Michael Garcia, U.S. attorney for the Southern District of New York, said in a statement that Sevan, a Cypriot, allegedly received about $160,000 from Nadler on behalf of the Iraqi government.
Garcia said the United States had issued warrants for the arrest of Nadler and Sevan and will seek their arrest and extradition to New York.
"The allegations in this current indictment that the executive director of the very program that was created to provide humanitarian aid to the Iraqi people was involved in such a scheme demonstrates how pervasive the corruption was and how that corruption undermined the operation of the program," Garcia said.
Claudia adds more:
Concerning the global extravaganza of graft that was the United Nations Oil-for-Food program, Kofi Annan’s line was to blame everyone but the UN itself. “If there was a scandal,” was how he tried to spin it when asked about corruption in his own secretariat. Apparently, U.S. federal prosecutors see it differently. This morning, jointly with the Manhattan DA’s office, they announced the indictment in New York’s Southern District of Annan’s handpicked head of the former Oil-for-Food program, Benon Sevan, on charges of bribery and conspiracy to commit wire fraud.Also charged is Ephraim Nadler (a.k.a. “Fred Nadler”), a brother-in-law of former UN Secretary-General Boutros Boutros-Ghali. If that sounds like the UN might be prone to problems at the top, keep going. The web of fathers-sons-sisters-brothers-and-wives is stunning; and there is of course the mystery of the death of Benon Sevan’s pensioner aunt, whom Sevan claimed was the source of the $160,000 that the Feds allege he took in Oil-for-Food pay-offs, and who perished after falling into the elevator shaft of her Cyprus apartment block, just as Oil-for-Food investigations were taking shape in early 2004.

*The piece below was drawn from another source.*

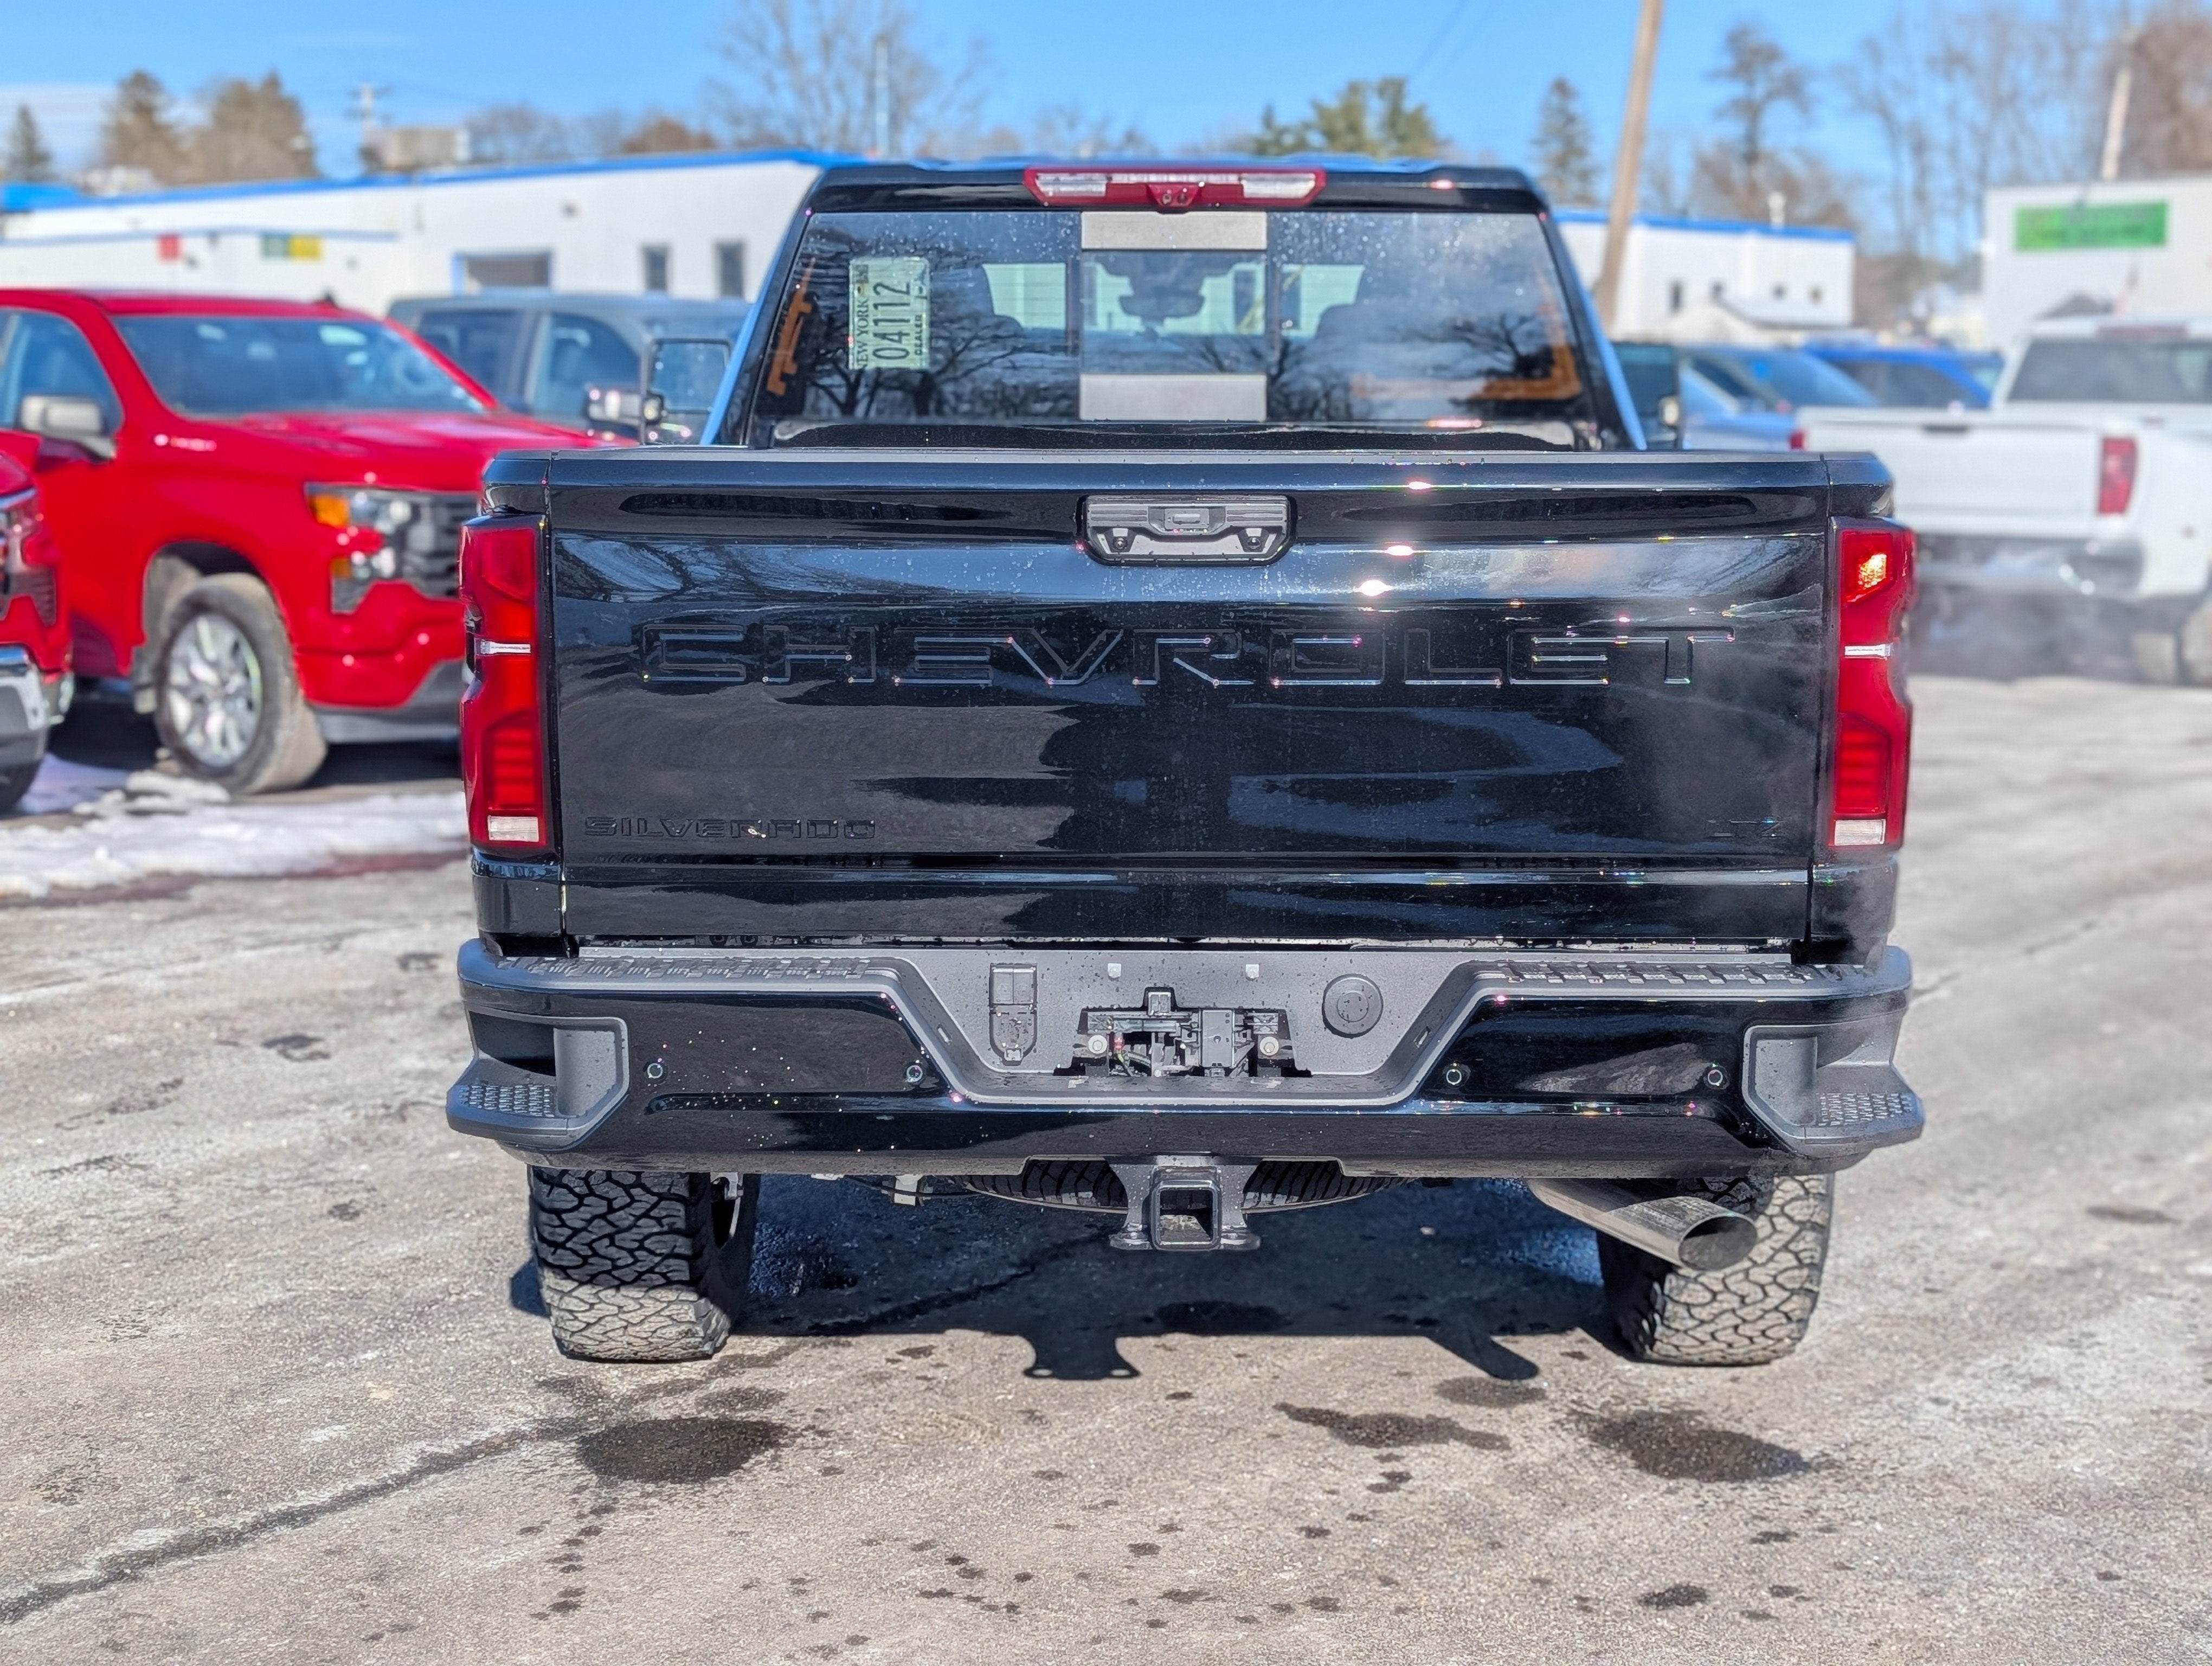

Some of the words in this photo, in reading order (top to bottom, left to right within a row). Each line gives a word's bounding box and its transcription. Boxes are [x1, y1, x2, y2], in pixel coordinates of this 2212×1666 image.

Sevan, who denies any wrong-doing, slipped out of New York in 2005, but has been living in plain sight on Cyprus, where I found him settled into his late aunt’s penthouse apartment when I paid a surprise visit there last March.
This indictment comes nine years after Sevan allegedly took his first payoff on Oil-for-Food deals, and follows years in which top UN officials denied, stonewalled, dismissed and in some cases lied about the extent of abuse within the UN itself. Billions in taxpayer dollars, as well as enormous amounts of trust, are lavished on this institution by our own government. The question today is not only whether Sevan, now facing an Interpol warrant, might decide to cooperate with the laws of the U.S., where — while working at UN headquarters in New York — he is alleged to have banked stacks of Iraq-begotten cash. The larger questions are why Annan and his top aides and advisers felt they could with impunity deflect blame from their own failings and from the UN itself, and why, apart from perhaps Sevan, they have gotten away with it.

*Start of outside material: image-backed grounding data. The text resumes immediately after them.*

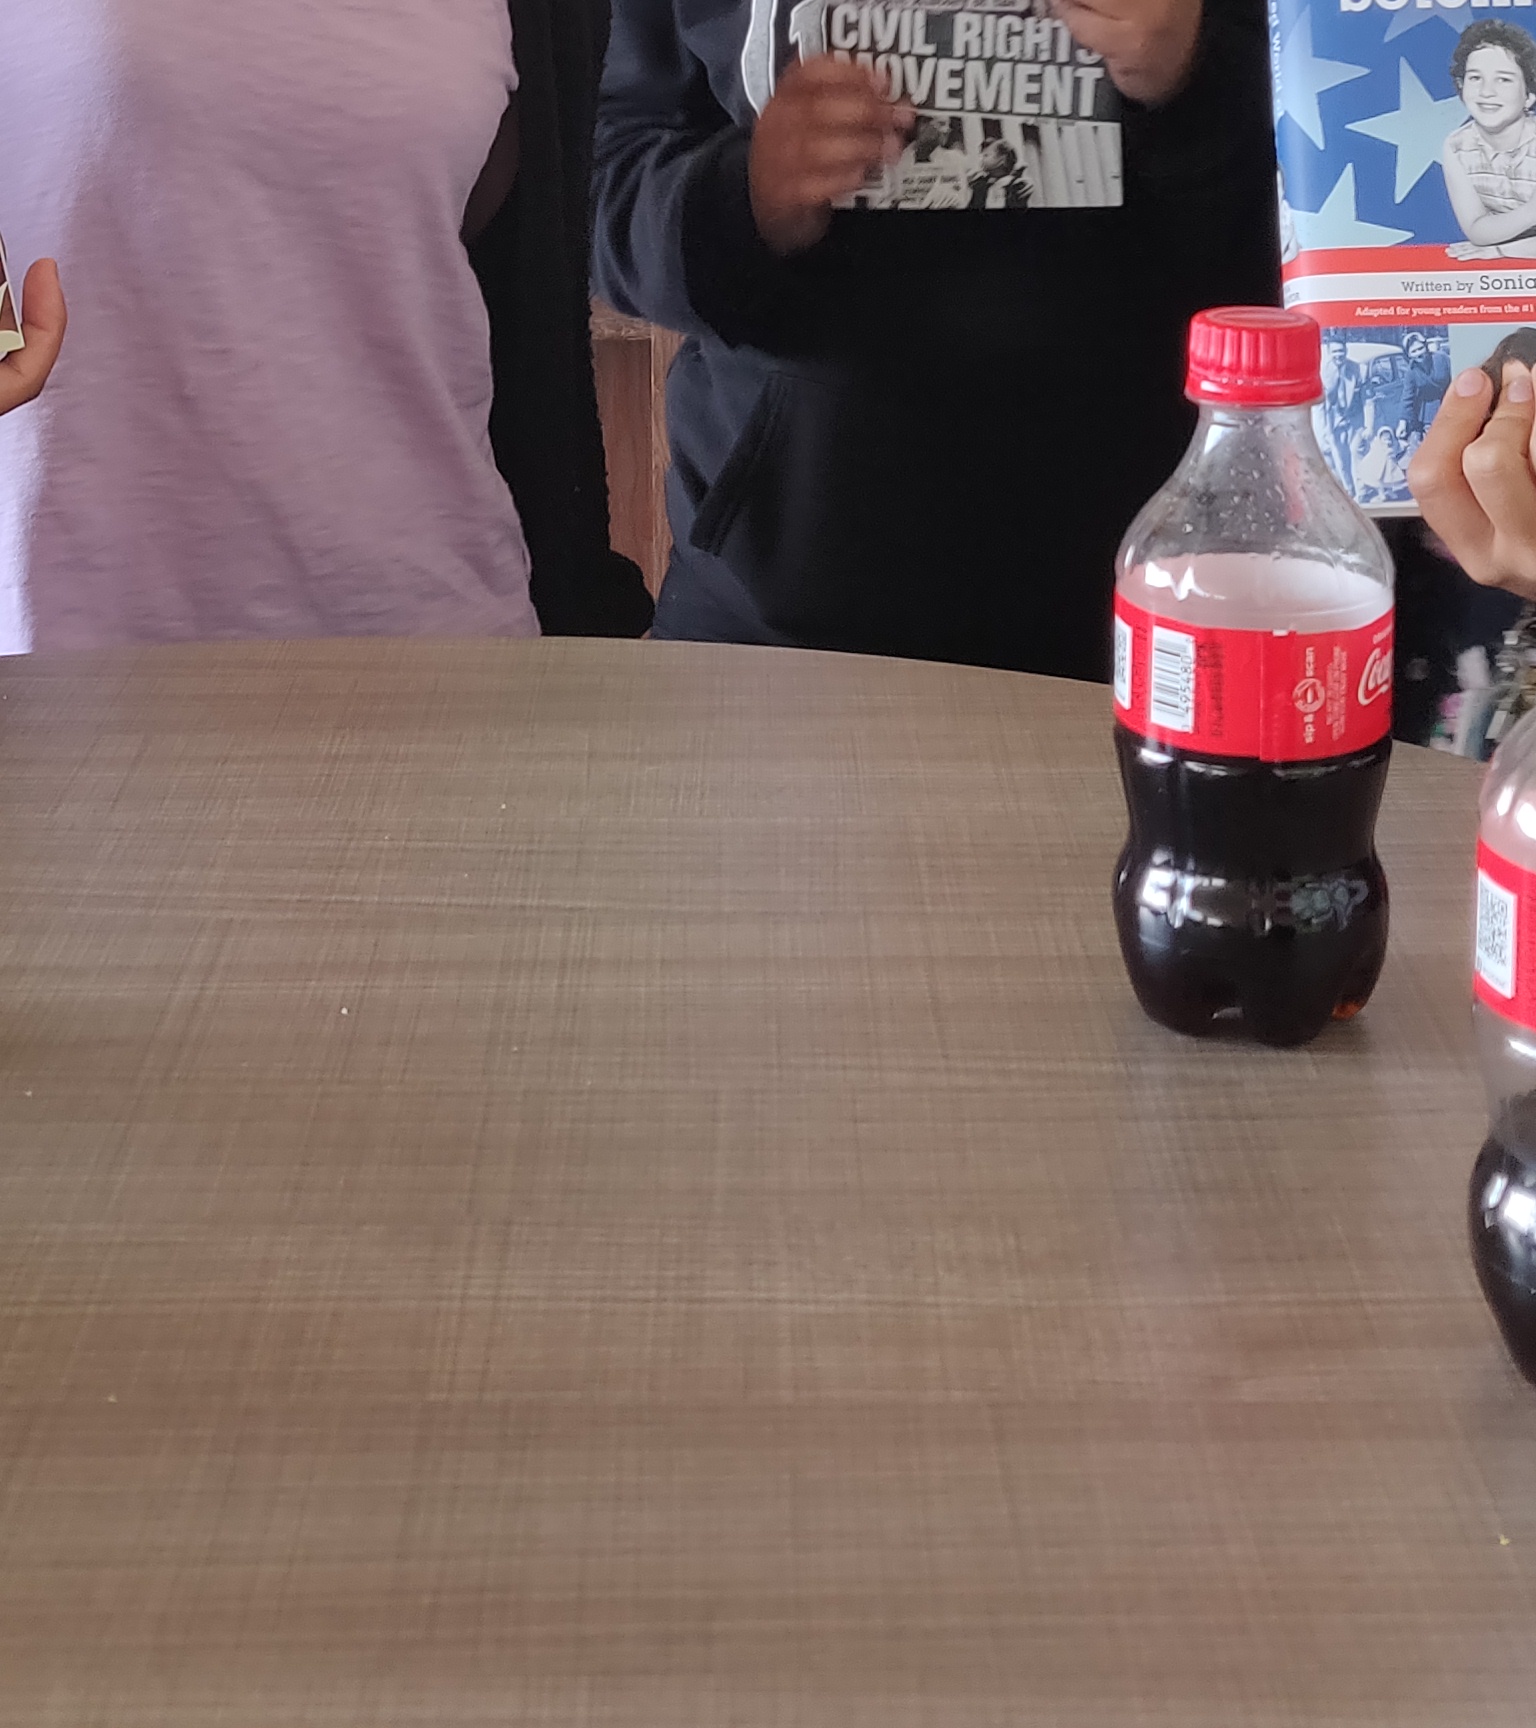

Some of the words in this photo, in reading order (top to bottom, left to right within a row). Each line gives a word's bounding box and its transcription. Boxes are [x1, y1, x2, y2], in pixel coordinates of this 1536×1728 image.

[830, 3, 937, 57] CIVIL
[952, 11, 1104, 66] RIGHT
[834, 50, 1104, 117] OVEMENT
[1401, 280, 1452, 292] Written
[1456, 280, 1474, 294] by
[1355, 306, 1395, 318] Adapted
[1396, 306, 1410, 316] for
[1412, 306, 1442, 317] young
[1443, 305, 1478, 315] readers
[1480, 304, 1502, 314] from
[1504, 303, 1520, 313] the

A couple of things that I'd like to note. First, he still need to be extradited to New York. Should he actually make it back here, and his lawyers tell him that he's screwed, I'd like every effort made to keep a firearm out of his reach. The one thing that would make this trial anticlimactic is if he commits suicide. He's facing some pretty heavy charges, and they could carry some serious jailtime. (Unless, of course, a deal can be struck where we can nail Kooky Uncle Kofi in this, which would just make me absolutely giddy.) And it should go without saying that if he is brought back to New York, his passport should be confiscated.
Second, the media chose to ignore this scandal for the most part, so it's going to fall to people like Claudia to keep people abreast of the trial. I want people who are interested in this trial to pay close attention as to how the world had the wool pulled over their eyes by the crooks and liars at the UN. Maybe if we pay attention to this trial, we can demand the right reforms int he UN. Of course, I'd prefer we pull out of the organization. as far as I'm concerned, they burned up their last bit of credibility a long time ago, and the UN simply has no place in this world.